Work request – Exact copies of all the lines below are wanted, without a single picture.

**********

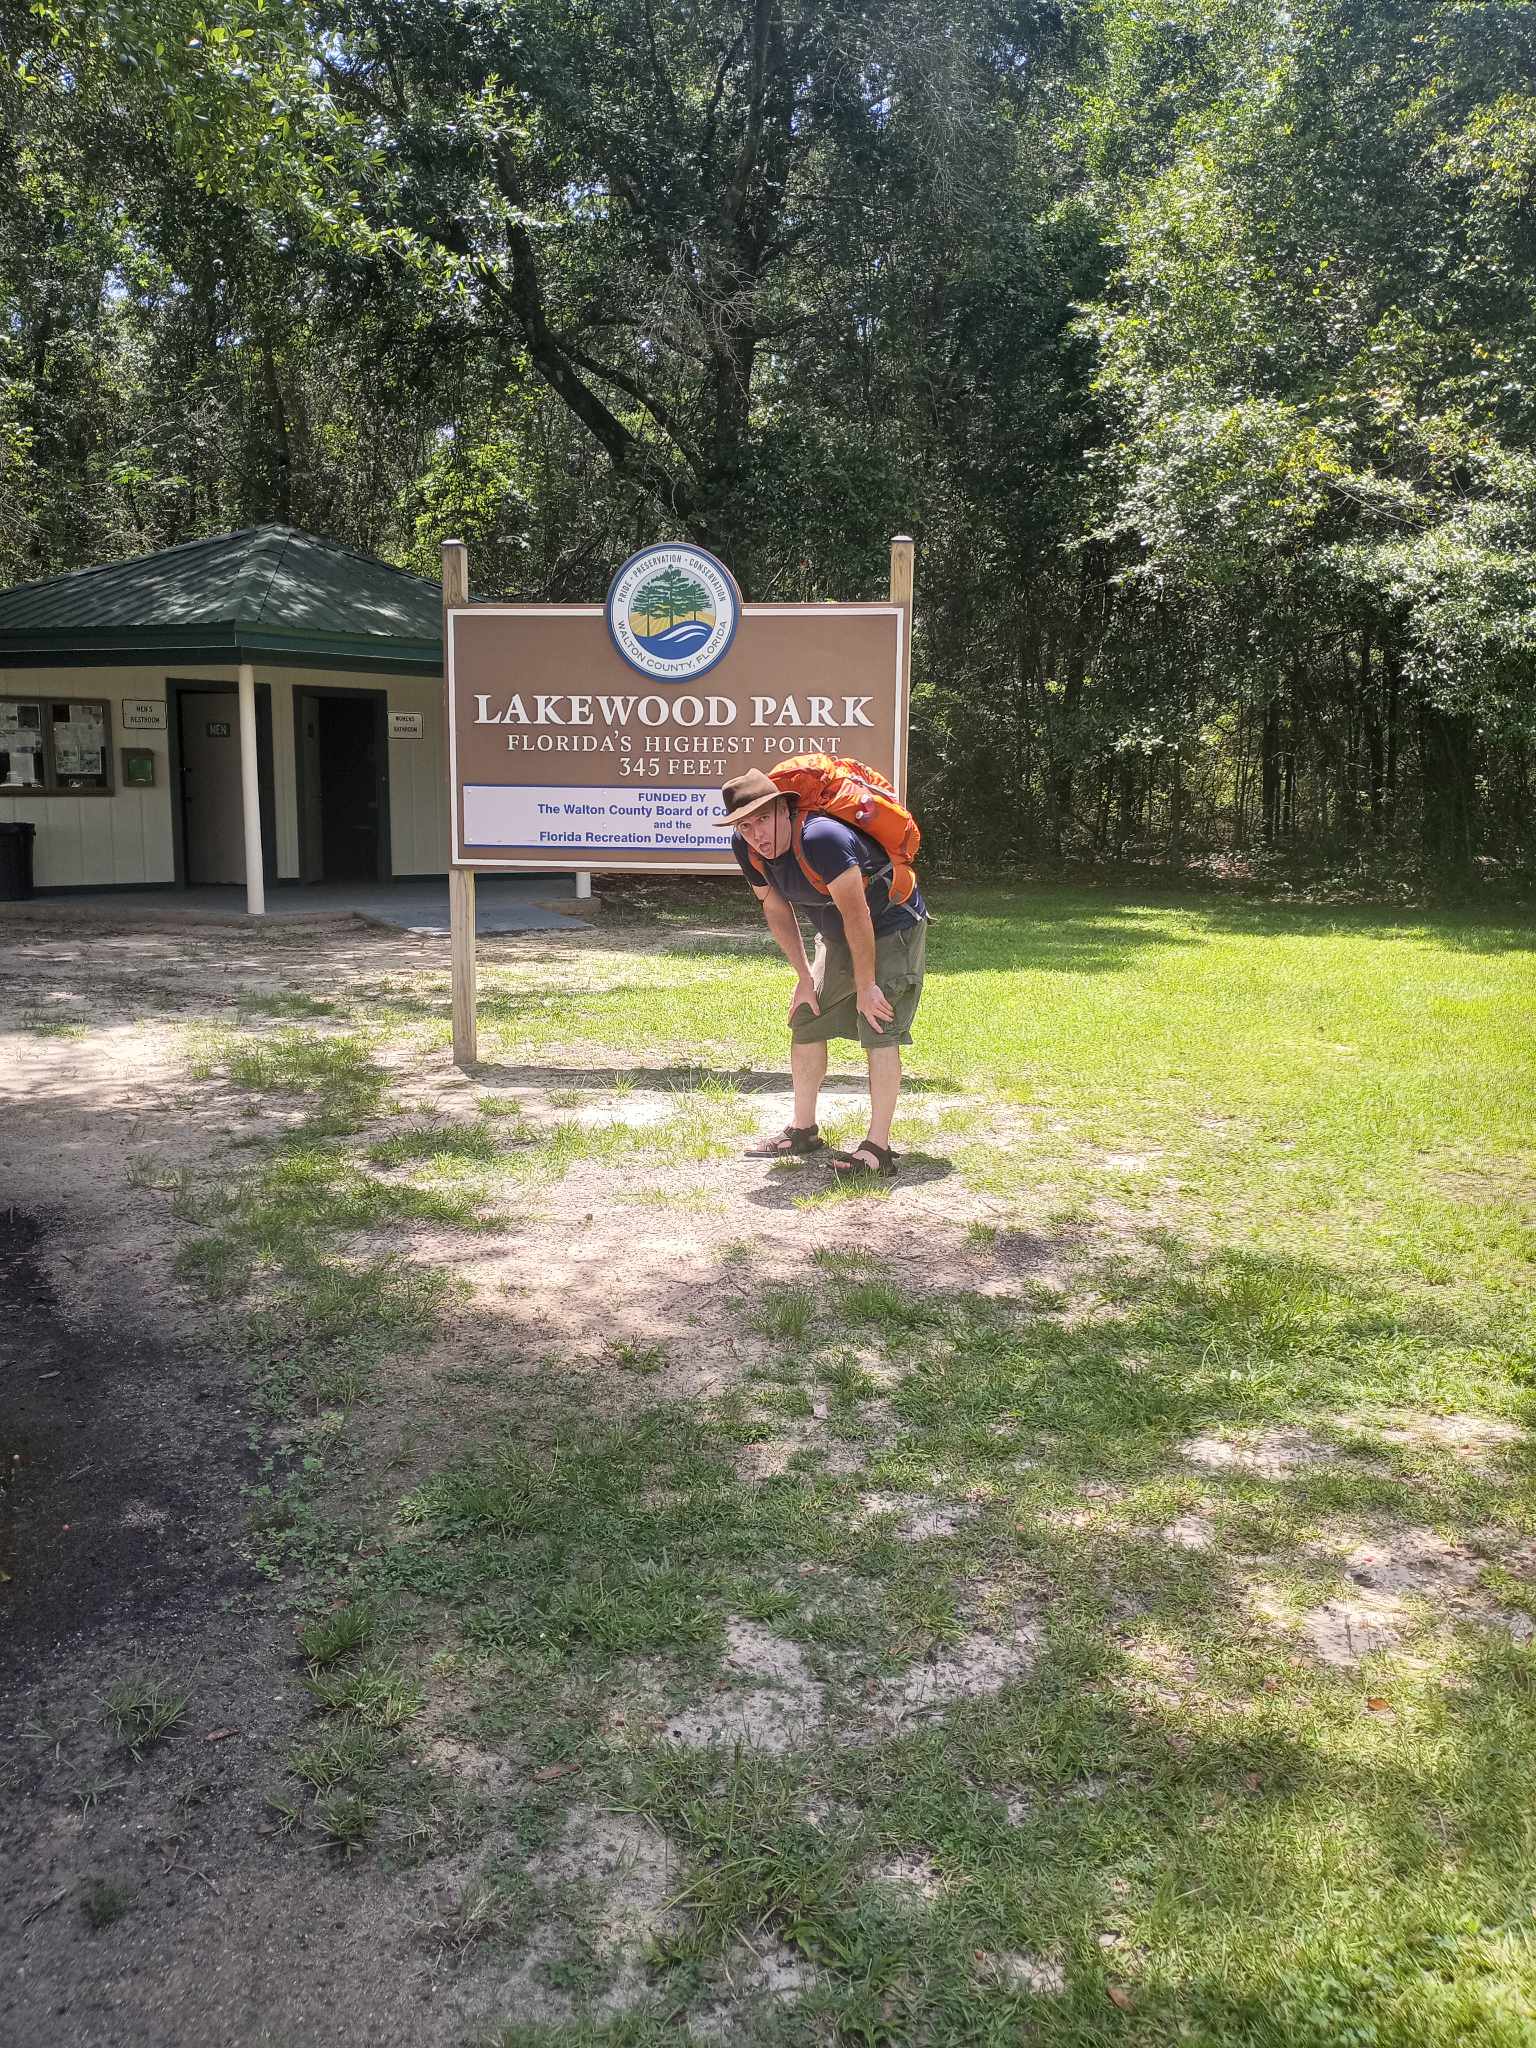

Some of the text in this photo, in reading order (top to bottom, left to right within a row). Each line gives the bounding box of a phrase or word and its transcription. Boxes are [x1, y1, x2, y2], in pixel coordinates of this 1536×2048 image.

[618, 554, 728, 604] PRIDE PRESERVATION CONSERVATION
[617, 620, 728, 672] WALTON COUNTY, FLORIDA
[473, 693, 875, 727] LAKEWOOD PARK
[209, 723, 227, 736] MEN
[506, 730, 841, 754] FLORIDA'S HIGHEST POINT
[618, 757, 727, 777] 345 FEET
[638, 792, 706, 803] FUNDED BY
[537, 803, 730, 818] The Walton County Board of Co
[653, 820, 692, 829] and the
[540, 832, 731, 846] Florida Recreation Developmen

**********

Expected output –
Some of the text in this photo, in reading order (top to bottom, left to right within a row). Each line gives the bounding box of a phrase or word and its transcription. Boxes are [x1, y1, x2, y2], in pixel coordinates of this 1536×2048 image.

[618, 554, 728, 604] PRIDE PRESERVATION CONSERVATION
[617, 620, 728, 672] WALTON COUNTY, FLORIDA
[473, 693, 875, 727] LAKEWOOD PARK
[209, 723, 227, 736] MEN
[506, 730, 841, 754] FLORIDA'S HIGHEST POINT
[618, 757, 727, 777] 345 FEET
[638, 792, 706, 803] FUNDED BY
[537, 803, 730, 818] The Walton County Board of Co
[653, 820, 692, 829] and the
[540, 832, 731, 846] Florida Recreation Developmen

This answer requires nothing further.